Sometime around the summer of 2021 I came across the paper Pretrained Transformers as Universal Computation Engines (Lu et al., 2021), and was blown away. In this paper the team from UC Berkeley, FAIR, and Google took a GPT-2 (pretrained as a language model in the usual way), then froze the self attention and feed forward parameters (keeping the embedding / output layer and layer norm params trainable). The learned parameters accounted for well under 1% of the total model params.

They proceeded to train this model on several very diverse tasks like bit operations, image classification, and protein folding predictions. Amazingly, the mostly-frozen GPT performed about as well as one trained from scratch on these tasks.

Wow! The idea that one could take a model pretrained on natural language and then, by retraining such a small fraction of the parameters, have it perform well on seemingly unrelated tasks seemed absolutely crazy to me.

Then a while later I encountered another paper (which had come out about the same time): FNet (Lee-Thorp et al., 2022). Here a team from Google takes an encoder-style model (think BERT) and replaces the self-attention layers with parameter-free Fourier transformations that mix information across tokens in the input sequence. In other words, there was no trained self-attention mechanism, just a sort of channel mixing that the model needed to learn how to make use of (via parameters in the surrounding feed-forward layers). They pre-trained using masked language modeling and then fine-tuned on various NLP tasks.

FNet didn’t outperform vanilla transformers, but it came close, and used less compute.

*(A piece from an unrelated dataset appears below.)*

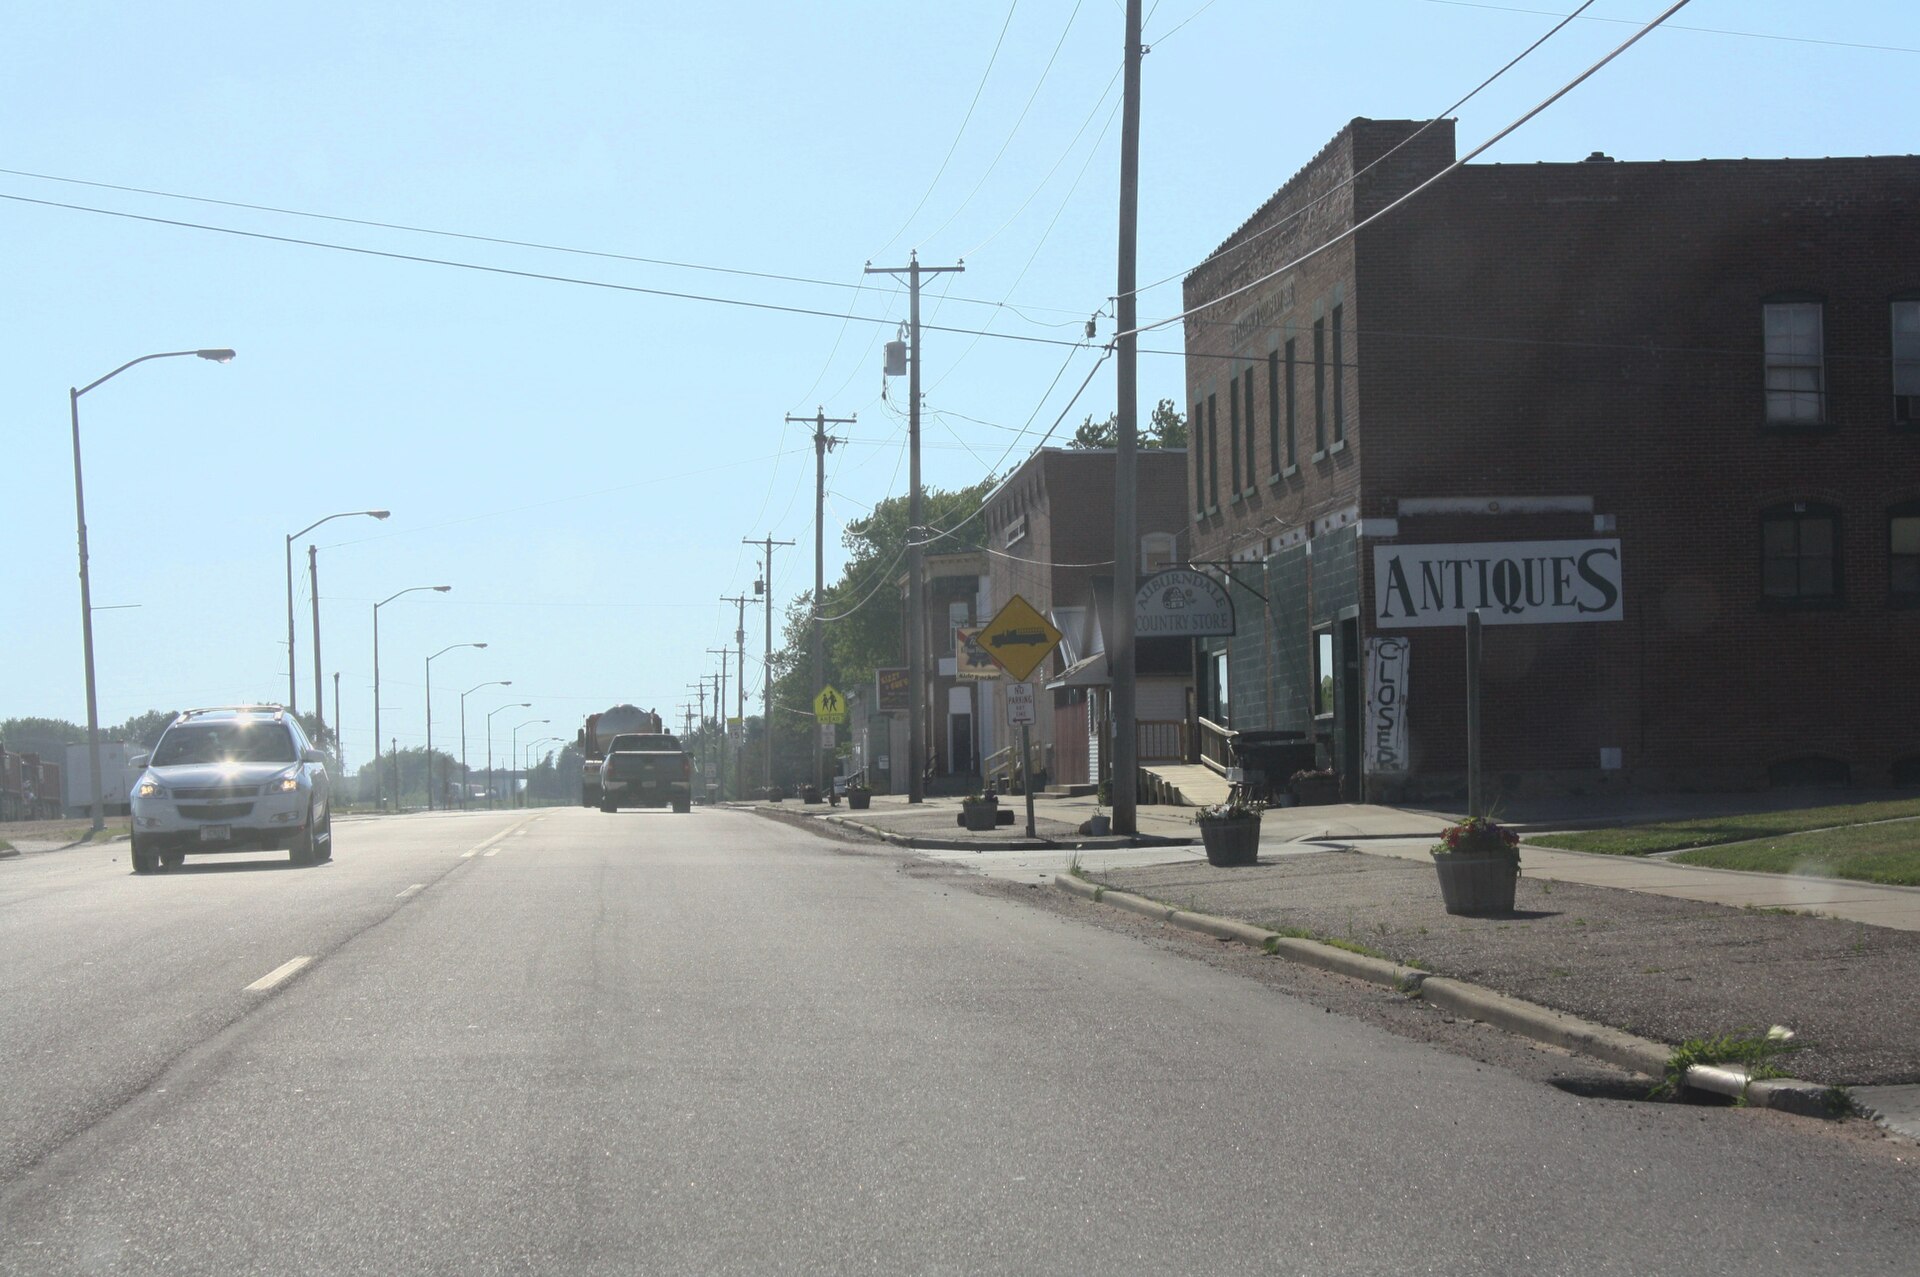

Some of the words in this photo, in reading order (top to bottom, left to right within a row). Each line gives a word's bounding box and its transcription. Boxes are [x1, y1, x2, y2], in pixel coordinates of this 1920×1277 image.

I think of both of these concepts as providing a ‘frozen attention’ substrate surrounded by trainable components that can learn to make use of the frozen mixing between channels.1 It’s like the trainable system is given a set of tools that do something, and they have to figure out how to best make use of the tools.

I refer to these approaches, in a likely abuse of terminology, as forms of reservoir computing.2 I’m excited about them partly because I find it fascinating that they work at all, but mostly because they may offer a route to do more with less. Do they allow models to punch above their weight class in terms of 1) lower compute or lower memory for a given level of performance, or 2) faster training? And could they be leveraged for either different use cases or different modalities at the same time? I think the idea is under-explored.

Footnotes

  1. Another paper in a similar vein is MLP-Mixer (Tolstikhin et al., 2021). Here the proposal was to replace the self-attention layers with MLPs that—instead of operating within each token’s stream—were ‘rotated’ and operated across tokens. In this case, however, the MLP layers remained trainable.

  2. Technically reservoir computing refers to the use of a fixed recurrent network to process sequential data, with only the output layer trained. Is there a better term?